Clinton's advice came despite her loss to Trump in 2016.
What did Clinton say?
Speaking with CNN's Fareed Zakaria at Tina Brown's Women in the World summit Friday, Clinton offered Democrats running for president two pieces of advice.
"You really have to do two things simultaneously — and it's challenging," Clinton said.
"You do have to present what you want to do," she explained. "What is your vision? What is your hope for our country? How do you see the future? What are you going to propose that will make a difference in the lives of Americans and maintain the values, the ideas of America in a very complex world?"
"So, you bare that responsibility. At the same time," Clinton continued, "you have to be able to counter and ignore where possible, respond where necessary, to the diversion and distraction that we see working, unfortunately, by the current incumbent in the White House."
Zakaria also asked Clinton to respond to comments from South Bend Mayor Pete Buttigieg, who is running for the Democratic nomination and recently told Washington Post magazine about Trump, "at least he didn't go around saying that America was already great, like Hillary did."
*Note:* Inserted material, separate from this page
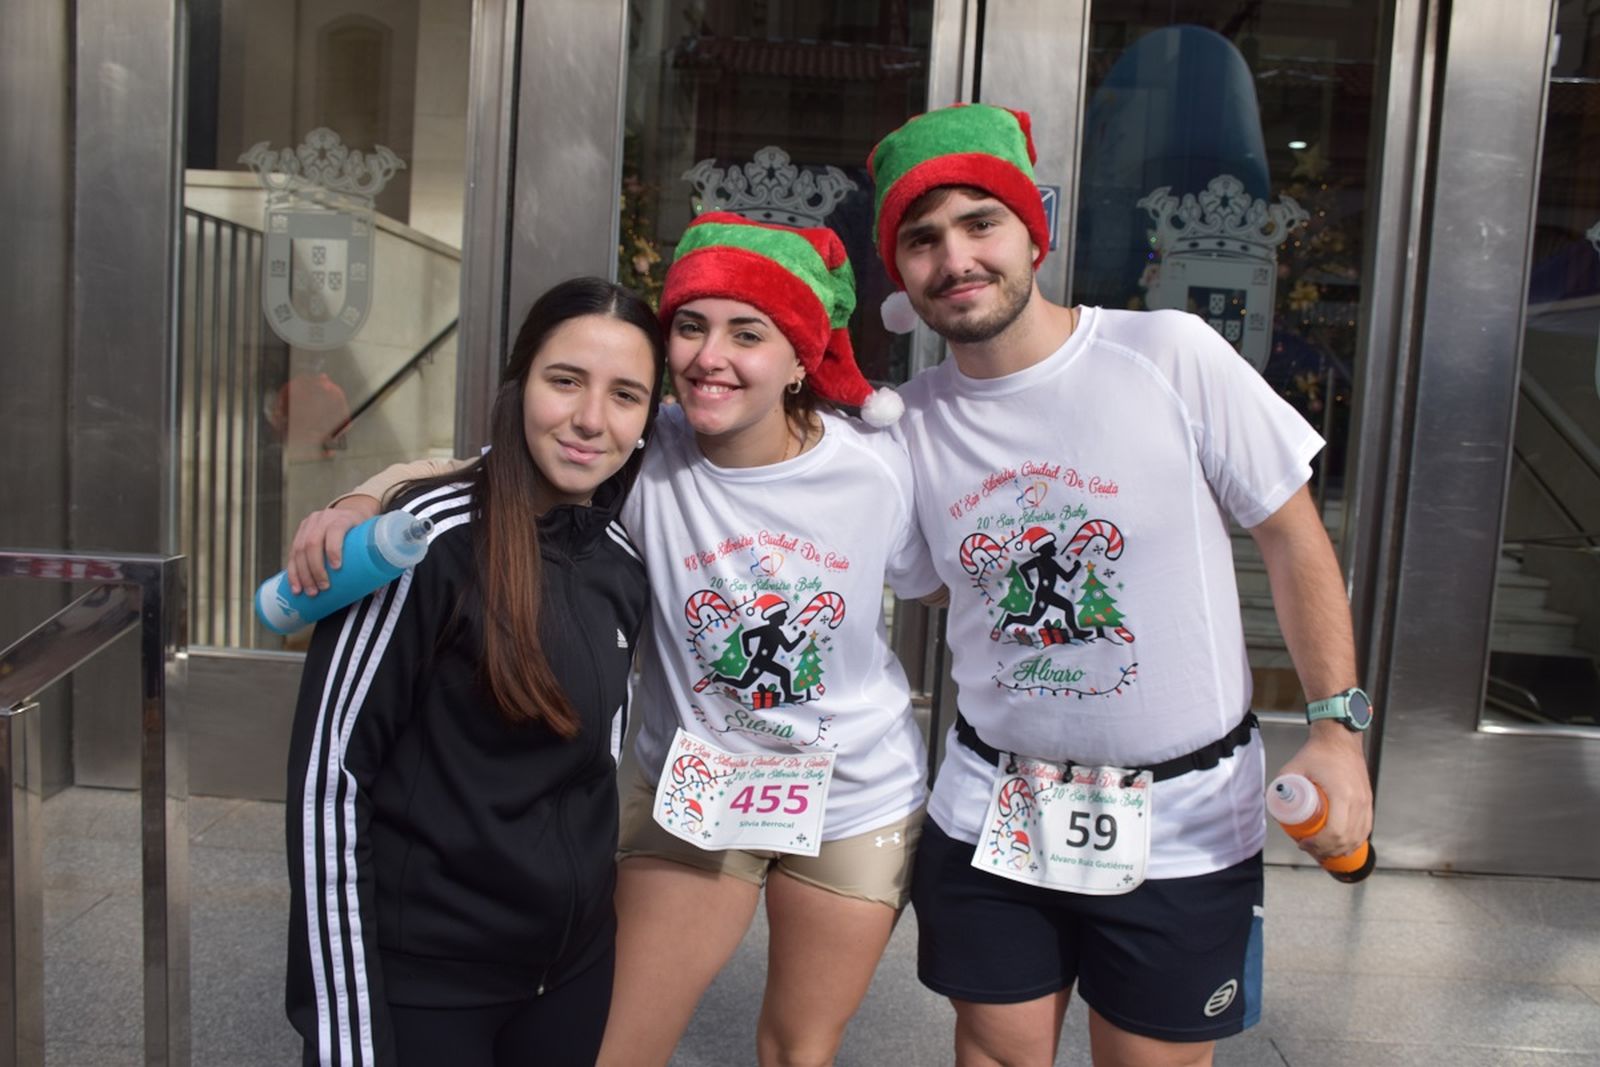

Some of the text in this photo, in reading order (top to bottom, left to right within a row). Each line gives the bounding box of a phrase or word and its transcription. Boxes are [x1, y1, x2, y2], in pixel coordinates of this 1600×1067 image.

According to the Hollywood Reporter, Clinton responded: "I don't want to comment on any of the candidates. Like I said, I think they have a lot to contribute not only to the Democratic party, but to the country. And it will be up to voters to decide who our nominee is."
However, she later went on to criticize Bernie Sanders' Medicare-for-All proposal, which would reportedly cover illegal immigrants.
"The specifics, though, matter," Clinton said. "What are the details? How do we pay for it? Who is going to get what they need? There are a lot of complicated questions."